Some interesting facts and figures
NAMIBIA was colonised by the Germans in 1884; it was known as “South West Africa” until Independence in 1990. With a population of approximately 2 million, Namibia is said to have the highest degree of inequality by income distribution in the world. The official language is English, but most speak Afrikaans and/or German as well as their various tribal “mother tongue” dialects. The majority of the people are Christians. Approximately 50% live below the international poverty line and, as with other African countries, the economy suffers greatly from HIV/Aids. Whilst the country is slightly larger in area than New South Wales, it is predominantly desert. The currency is the Namibian Dollar and it trades at the same rate as the South African Rand – currently at about 8:1 (AUD).
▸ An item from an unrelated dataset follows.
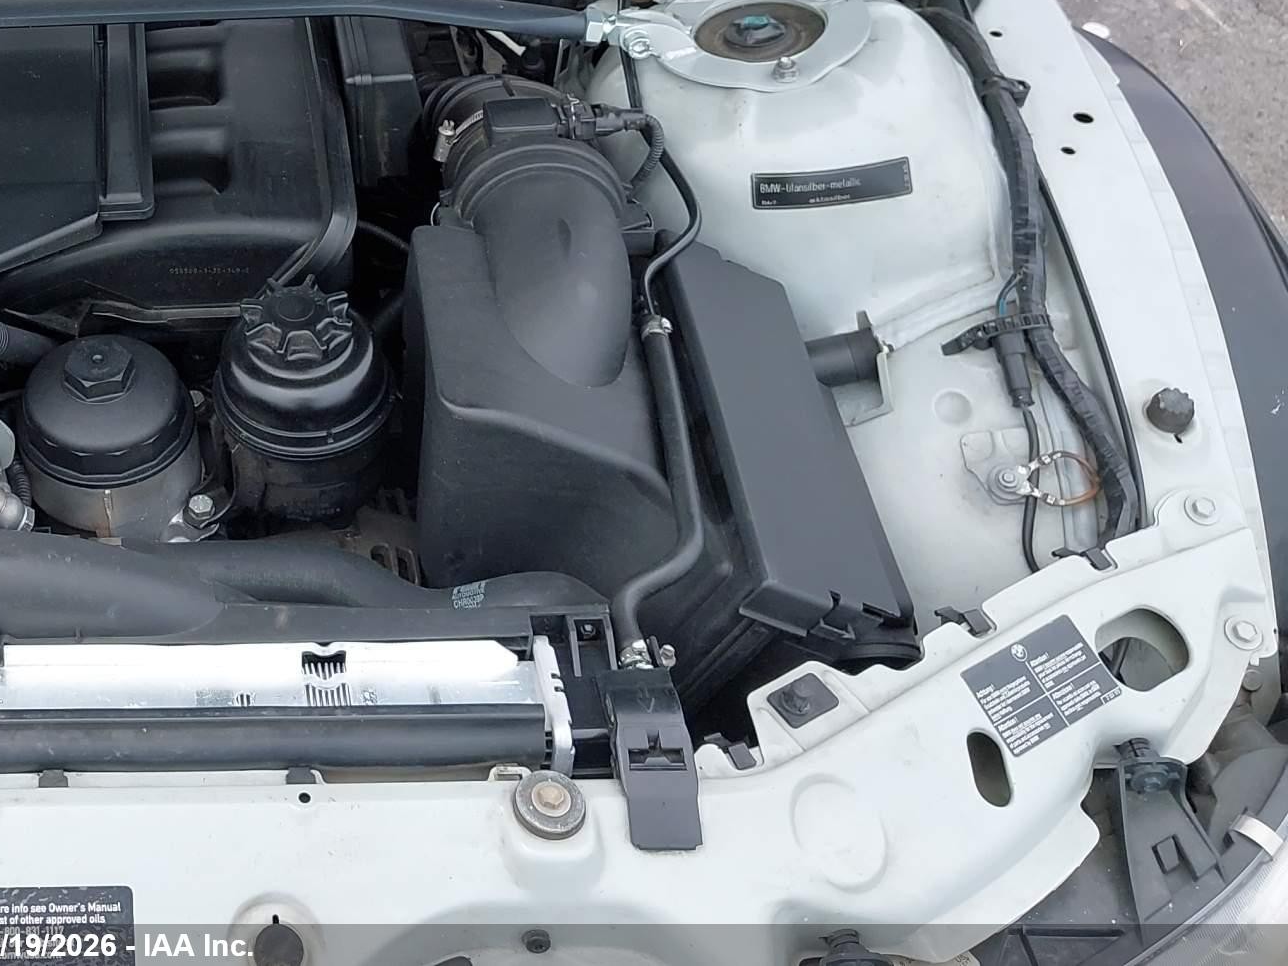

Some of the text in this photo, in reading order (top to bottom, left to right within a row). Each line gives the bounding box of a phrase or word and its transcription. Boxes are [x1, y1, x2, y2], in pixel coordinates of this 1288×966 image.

OTJIWARONGO has a population of approximately 40,000 and is known as the “Cheetah Capital” of the world – 20% of the world’s cheetah population live in the surrounds. The second largest town, it is located in the centre of Namibia and is 250kms north of the capital of Windhoek. Typically representing greater Namibia, there are high levels of inequality and HIV/AIDS is pandemic. The residential area is “the great divide”. Women generally survive longer than men (predominantly due to HIV/AIDS), but are low income earners. Women and children are the most vulnerable and there are an ever growing number of orphans. Enormous numbers live in poverty in informal settlements – some in mud huts with no water or electricity; water is purchased from shared “wells”. Physical and sexual abuse is not uncommon. Children have to walk long distances to school – if they are able to attend school. Many families are totally without employment and can barely afford to survive, let alone send their children to school. If they are fortunate enough to secure farm work, it would typically be in remote rural areas where there is no access to schools so they are then faced with the option of leaving their children with family or friends in town so they can go to school, or try to secure a place in a “hostel” (best described as boarding school, but very basic). Unfortunately, access to the fundamental human needs of food, water, shelter, safety and education is not necessarily a given in Otjiwarongo or Namibia as a whole.